Art Industry News: The Guggenheim Is Looking for an MBA to Teach It About NFT Art (But Just Pay Them an Intern’s Salary) + Other Stories
Plus, MoMA board chair Leon Black leaves Apollo four months early and Damien Hirst is a big fan of Beeple.
Art Industry News is a daily digest of the most consequential developments coming out of the art world and art market. Here’s what you need to know on this Tuesday, March 23.
Leon Black Leaves Apollo Four Months Early – The financier and art collector has stepped down from his post as chief executive of the private equity firm Apollo Asset Management four months ahead of his scheduled departure on July 31. Citing his health and that of his wife, he said he would also vacate the post of chairman, which he previously planned to maintain.
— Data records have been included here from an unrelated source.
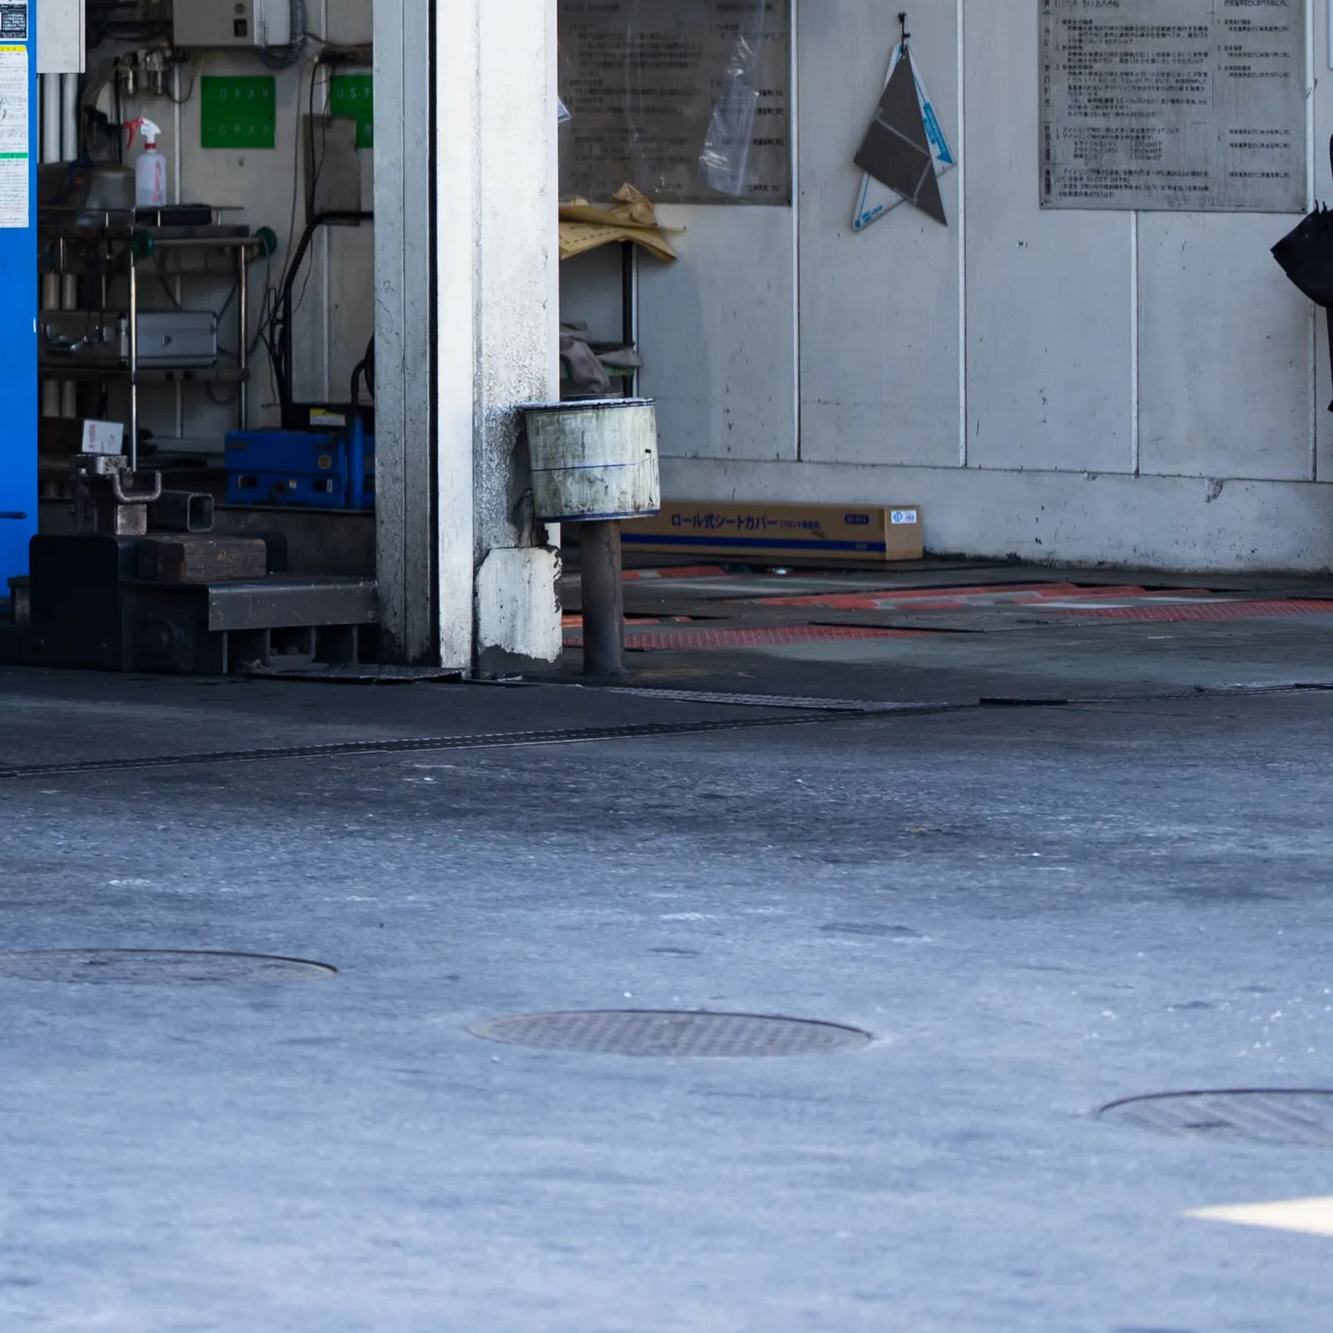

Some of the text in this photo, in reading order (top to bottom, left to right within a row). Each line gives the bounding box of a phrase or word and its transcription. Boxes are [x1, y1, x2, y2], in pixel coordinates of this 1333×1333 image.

[671, 512, 777, 531] ロール式シートカバー
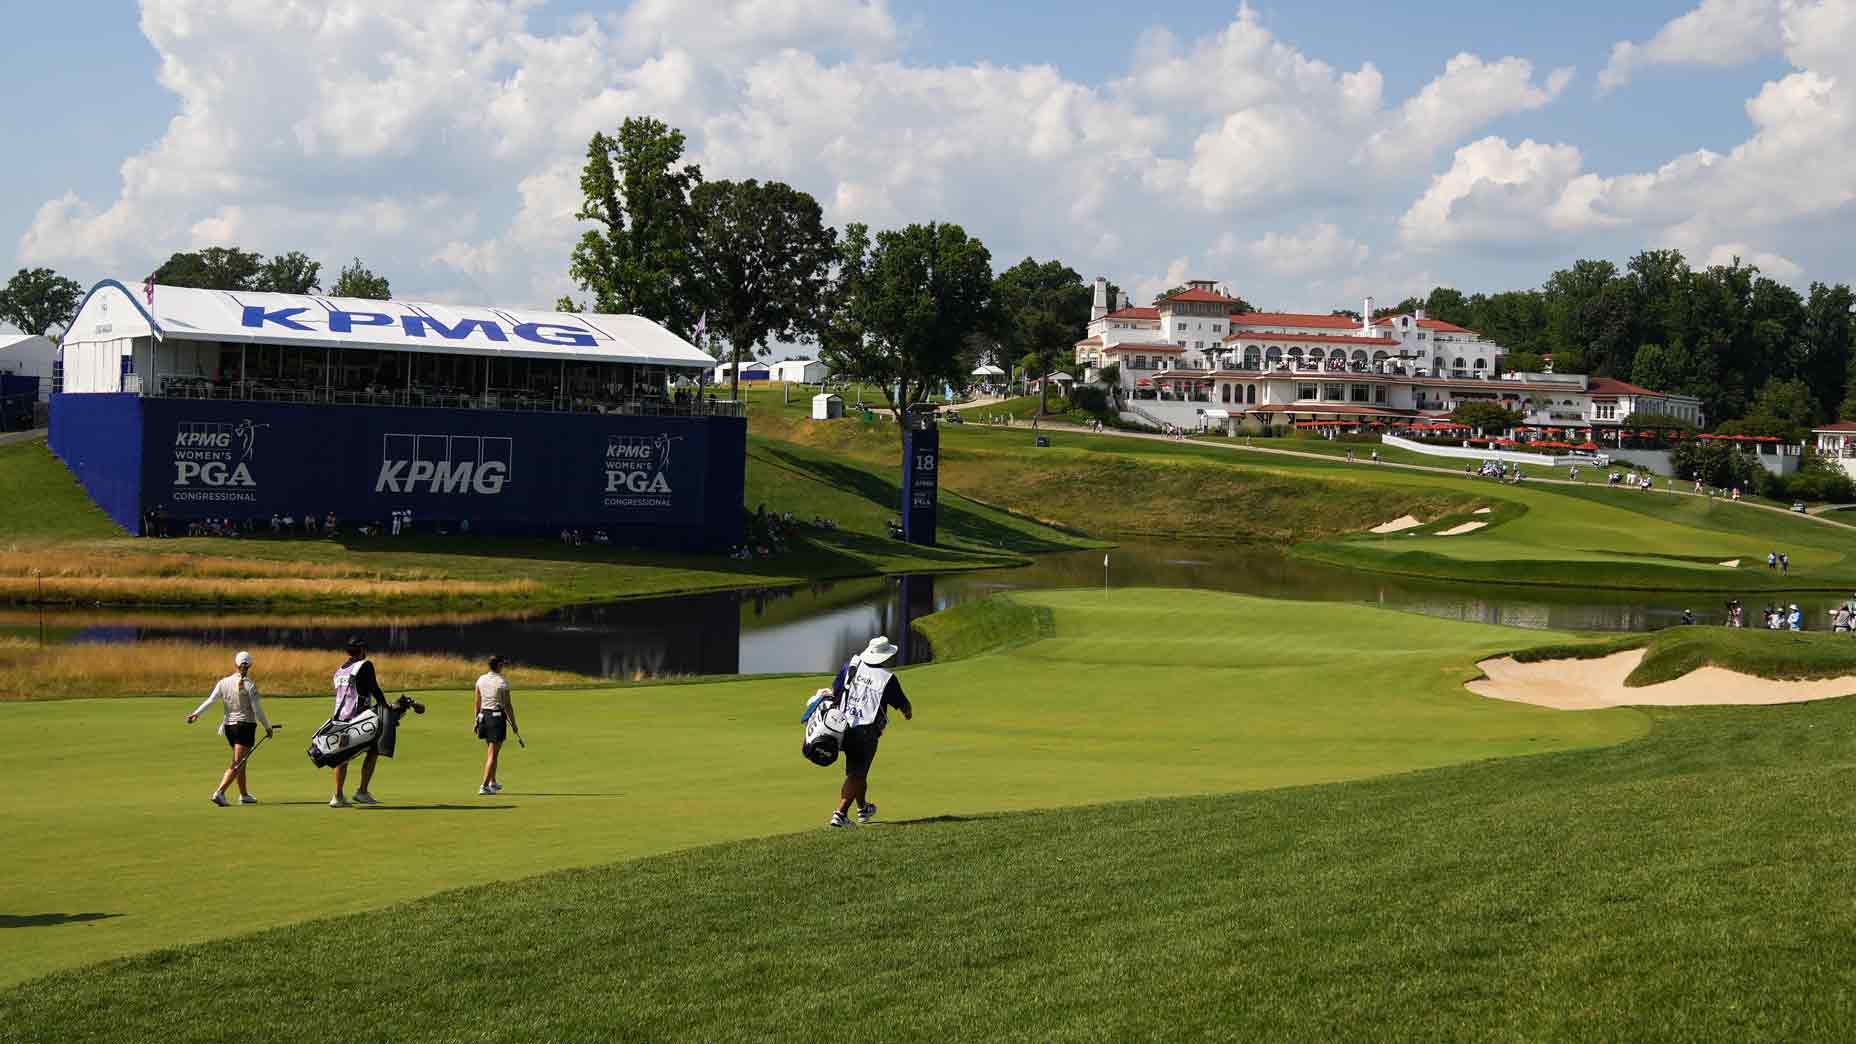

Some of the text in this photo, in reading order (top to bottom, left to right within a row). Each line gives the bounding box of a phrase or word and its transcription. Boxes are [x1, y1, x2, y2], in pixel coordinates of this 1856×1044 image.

[241, 305, 599, 347] KPMG
[175, 432, 231, 447] KPMG
[175, 451, 232, 460] WOMEN'S
[606, 445, 651, 458] KPMG
[916, 455, 935, 470] 18
[173, 461, 257, 486] PGA
[375, 460, 507, 494] KPMG
[605, 470, 672, 492] PGA
[174, 492, 257, 501] CONGRESSIONAL
Black’s term as board chair of the Museum of Modern Art in New York is up for renewal in July. He is under increased pressure to step aside in the wake of revelations about his financial ties to Jeffrey Epstein. (Artforum)
Damien Hirst Is a Fan of Beeple – The British artist makes a cameo in the New Yorker‘s profile of Beeple’s whirlwind rise to global fame. After the American digital artist’s $69 million sale at Christie’s, Hirst messaged to say: “My 15-year-old son showed me your work a while ago, this is fucking great, congratulations, you’re awesome.” As for the art world writ large, Beeple has little interest. Asked about the inspiration for one of his early “Everydays,” he said, “I’m going to be honest, when you say, ‘Abstract Expressionism,’ literally, I have no idea what the hell that is.” (New Yorker)
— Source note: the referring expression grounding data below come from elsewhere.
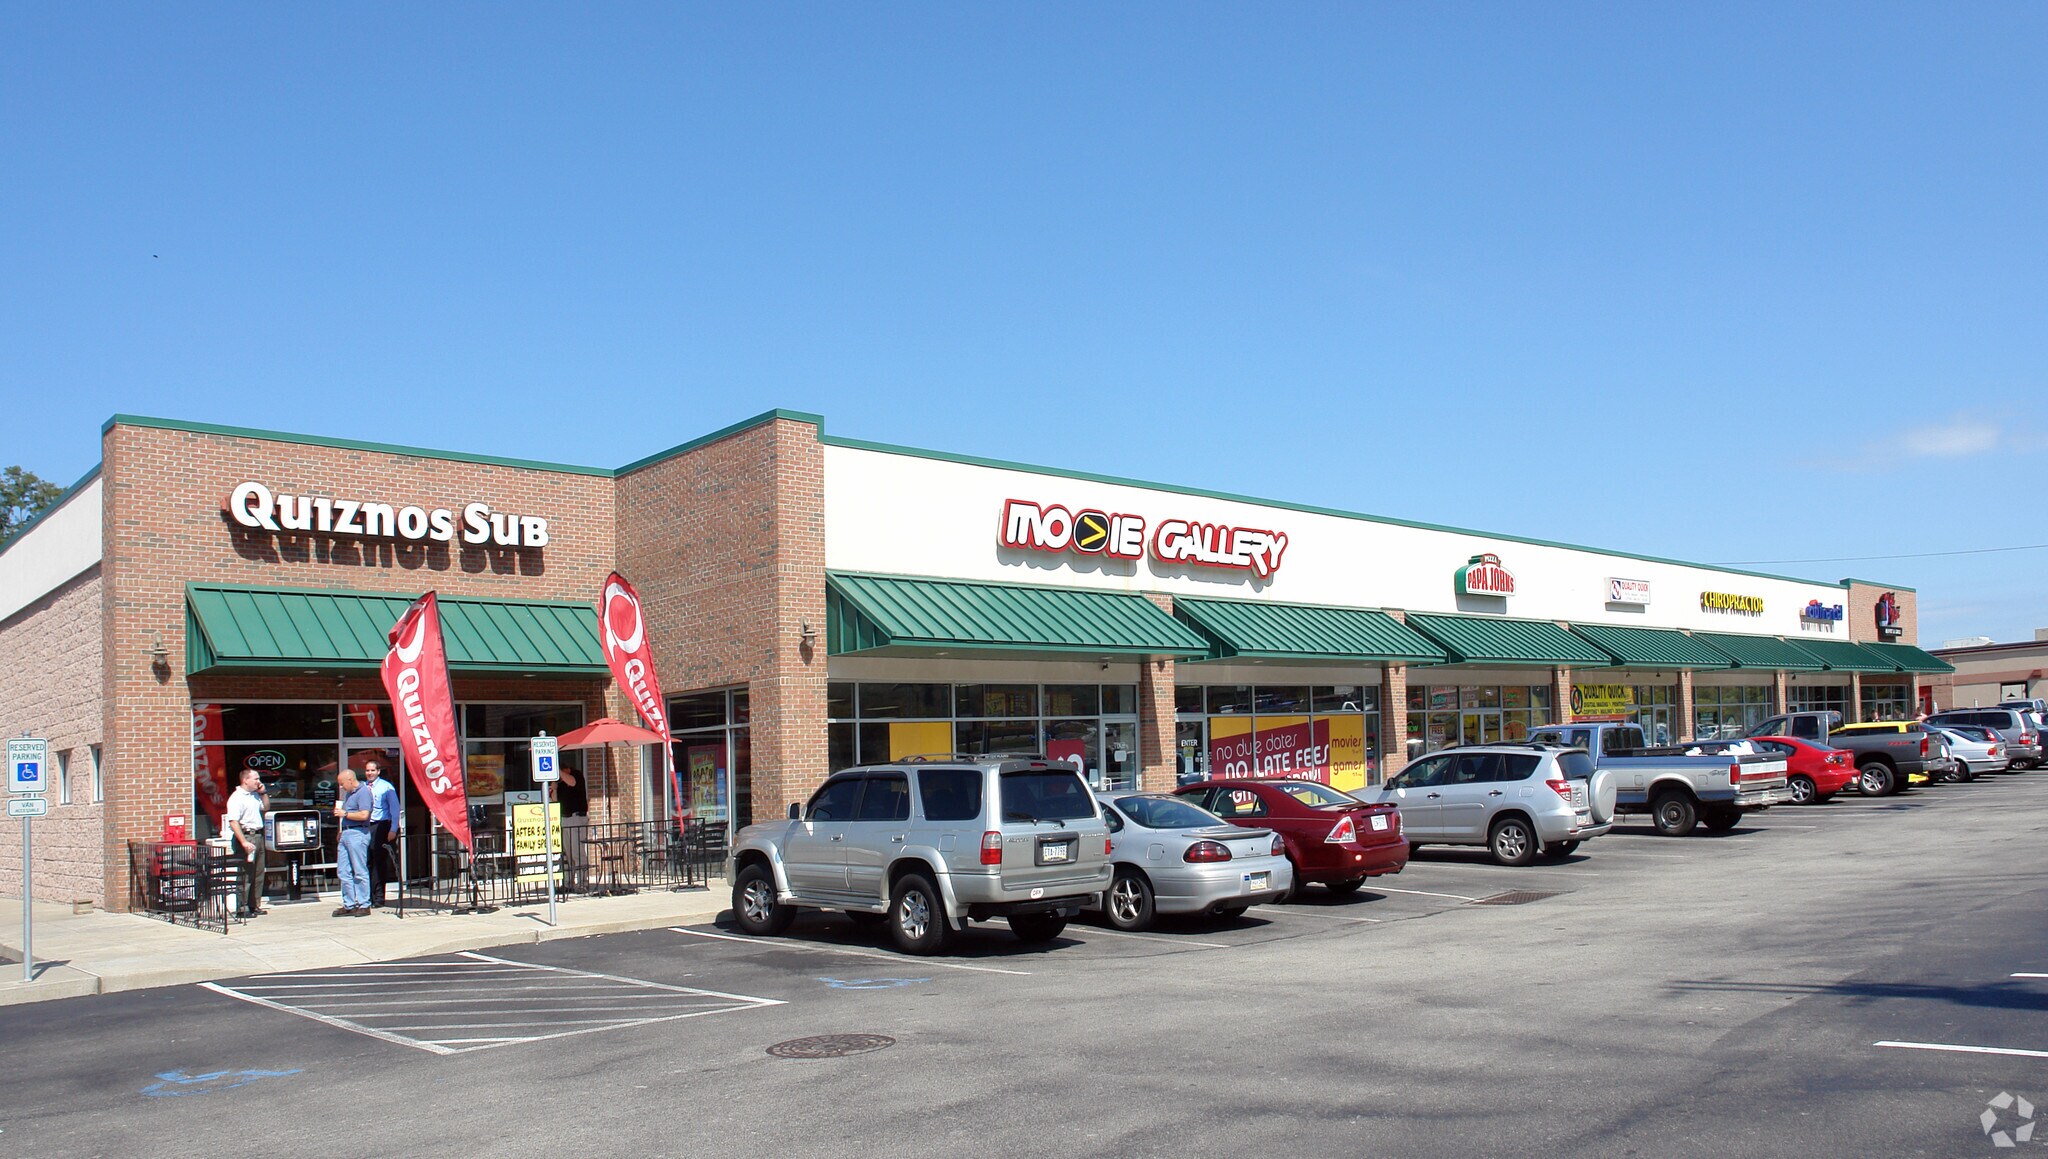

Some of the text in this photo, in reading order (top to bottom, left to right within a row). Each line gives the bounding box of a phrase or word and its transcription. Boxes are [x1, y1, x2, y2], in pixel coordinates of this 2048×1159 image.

[1154, 519, 1288, 579] GALLERY
[1468, 567, 1488, 590] PAPA
[1704, 591, 1764, 612] CHIROPRACTOR
[1583, 685, 1626, 699] QUALITY QUICK
[9, 743, 45, 752] RESERVED
[1181, 739, 1198, 747] ENTER
[1216, 746, 1233, 760] no
[1266, 734, 1298, 751] dates
[1331, 734, 1362, 748] movies
[12, 752, 42, 760] PARKING
[248, 755, 281, 767] OPEN
[1255, 752, 1292, 778] LATE
[1296, 744, 1329, 769] FEES
[1333, 761, 1362, 776] games
[516, 826, 535, 837] AFTER
[552, 825, 561, 835] PM
[516, 840, 536, 851] FAMILY
Is the Guggenheim Looking for a Crypto Expert? – The Guggenheim is on the hunt for MBA student interns who can help evaluate NFT-based art. The intern will consider how blockchain and crypto currency might inform collecting strategy and how the Guggenheim might extend into a digital experience. We’re not museum administrators, but don’t these questions seem… a little high-level for someone getting paid an intern’s salary? (Coindesk)
Park Avenue Armory Postpones Socially Distanced Programming – The Park Avenue Armory in New York has postponed the first of a series of socially distanced performances after several of the performers tested positive for the coronavirus. The inaugural event, Afterwardsness, is a music and dance performance conceived by choreographer Bill T. Jones that addresses the isolation and trauma of both COVID-19 and ongoing violence agianst Black bodies, and was slated to be performed by the Bill T. Jones/Arnie Zane Company. (The Art Newspaper)
Jack Dorsey’s First Tweet Sold for $2.9 Million as an NFT – Here’s a sentence you probably wouldn’t have understood if you read it a year ago: The first-ever tweet, by Twitter CEO Jack Dorsey, sold to a buyer with the username @sinaEstavi as an NFT for $2.9 million on the platform Valuables, which sells tweets exclusively. (Valuables by Cent)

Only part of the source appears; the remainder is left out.